For break flour yield, the associated locus tagged by marker S3B_630394456 was at the physical position of IWA6254 (630 Mb) also associated with break flour yield [17]. For flour yield, five of the identified MTAs were mapped close to flour yield associated loci in previous genetic studies (Supplementary Table S6). For instance, S1A_9128313 and S1A_15686346 were in close proximity to QFY.ksu-1A (7 Mb, [21]). S1A_9128313 and S1A_15686346 were also within the genomic regions of the genes TraesCS1A01G010900 (5 Mb) and TraesCS1A01G039600 (16 Mb), respectively. TraesCS1A01G010900 (5 Mb) and TraesCS1A01G039600 were annotated as low molecular weight glutenin subunit and high molecular weight glutenin subunit, respectively.

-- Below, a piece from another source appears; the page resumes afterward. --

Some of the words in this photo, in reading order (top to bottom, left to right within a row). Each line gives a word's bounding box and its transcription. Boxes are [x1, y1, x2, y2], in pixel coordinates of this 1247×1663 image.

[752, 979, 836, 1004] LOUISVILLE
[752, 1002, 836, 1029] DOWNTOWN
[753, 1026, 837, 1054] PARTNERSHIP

Another MTA on chromosome 1B associated with flour yield, S1B_653681752, was identified close to QFY.ksu-1B (649 Mb) [21]. Similarly, S5A_382294123 and S6B_19335996 were found in proximity to IWB76667 (384 Mb, [2]) and IWA7725 (27 Mb, [17]), respectively. Two flour ash associated loci in this study, S5A_3649534 and S5B_68052478, were positioned close to Qgac.cob-5A (gwm443, 11 Mb) and Qgac.cob-5B.1 (gwm540, 67 Mb), respectively, which were previously identified by El-Feki et al. [14] (Supplementary Table S6).
For flour protein, S2D_28763299 was located 15-17 Mb from QGpc.caas-2D [7], which was associated with grain protein content and QWgc.WY-2D.5 [8], which was associated with wet gluten content. Similarly, S7A_730416426 associated with flour protein content in this study was ~17 Mb away from qGPC.7A.1 [19], which was associated with grain protein content and dry gluten content (Supplementary Table S6).

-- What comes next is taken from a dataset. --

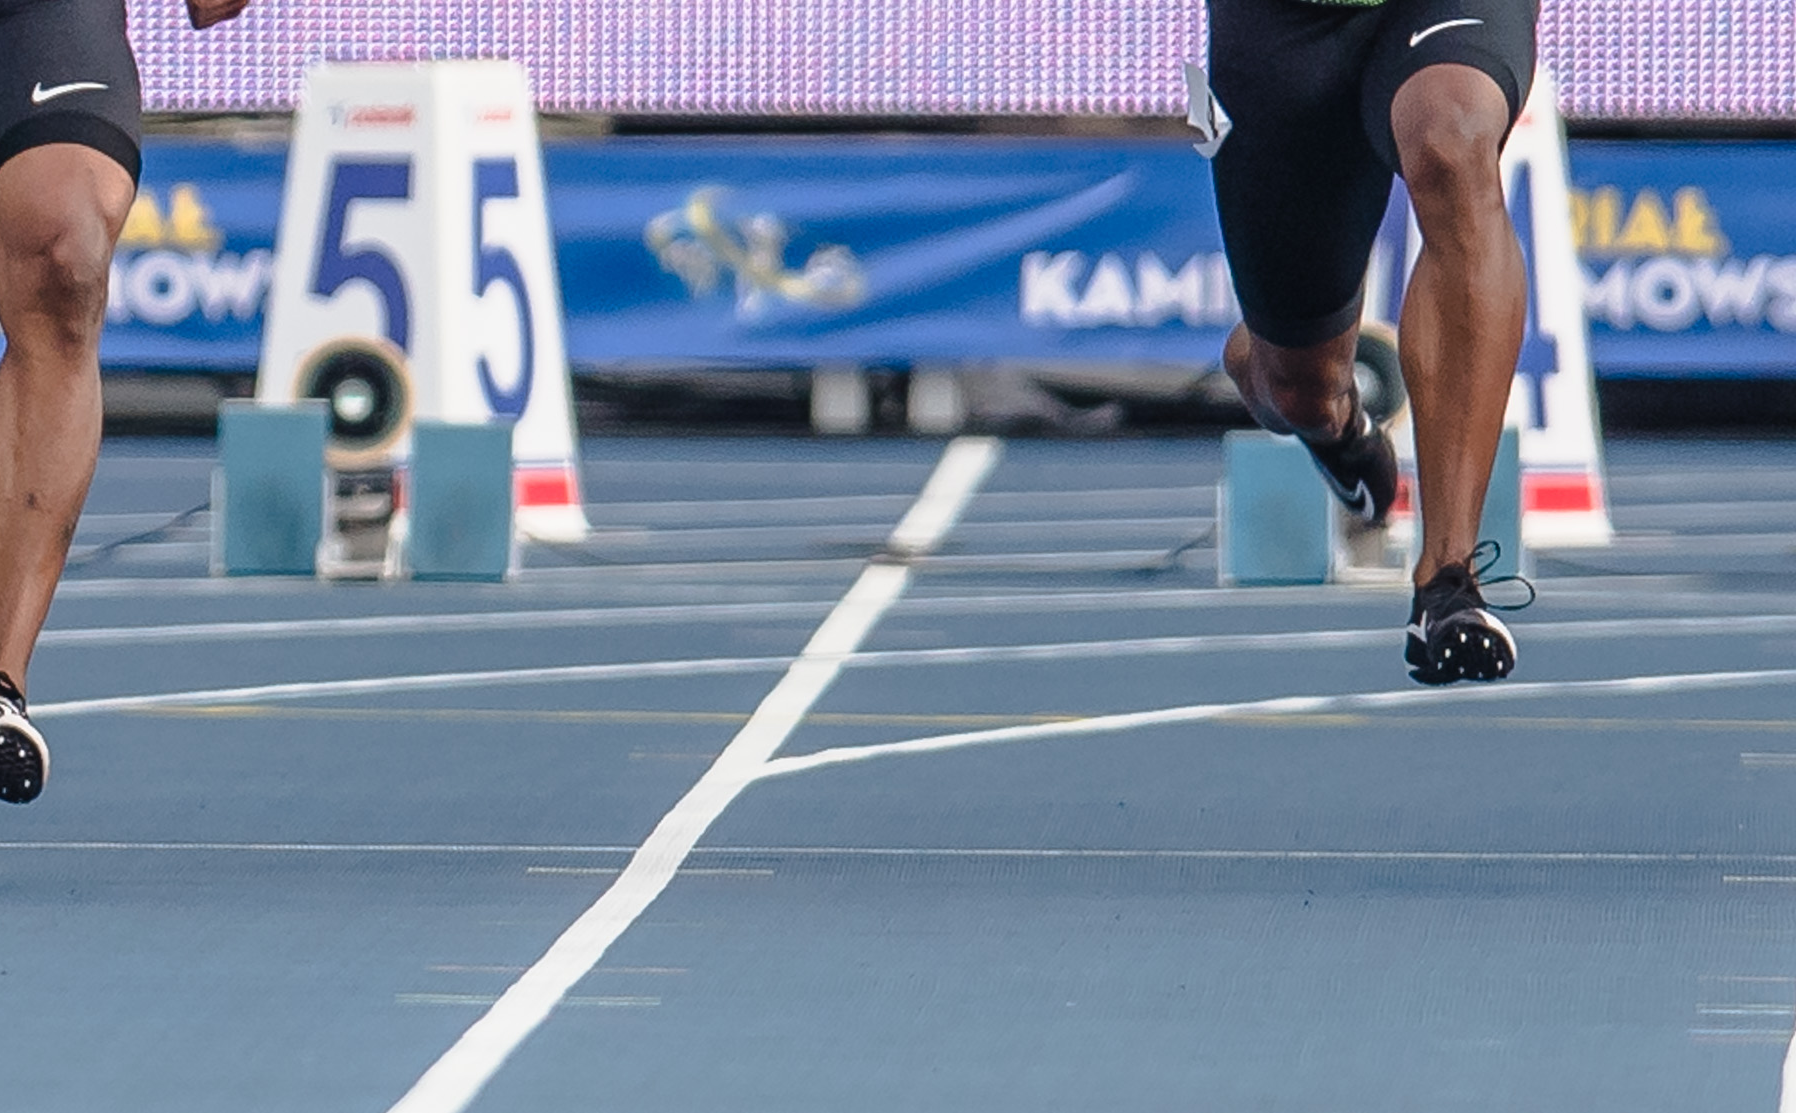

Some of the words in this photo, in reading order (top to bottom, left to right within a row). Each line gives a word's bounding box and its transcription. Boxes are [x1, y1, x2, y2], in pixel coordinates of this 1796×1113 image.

[308, 150, 415, 356] 5
[472, 156, 535, 420] 5
[1018, 250, 1242, 328] KAMI

Two SDS sedimentation associated markers in this study were previously identified (Supplementary Table S6). These loci include S1B_561712520 located close to IWB14950 (558 Mb, [2]) and the gene Glu-B1 (556 Mb) and S5B_539075483, which mapped close to QSsd.caas‑5B (527 Mb, [9]). Among water SRC associated markers, S1B_547973154, S1B_653681752, S2B_66559534, and S6B_29771821 were positioned near Glu-B1 (556 Mb), IWB27057 (652 Mb, [2]), IWA820 (44 Mb, [17]), and IWA7725 (27 Mb, [17]), respectively (Supplementary Table S6).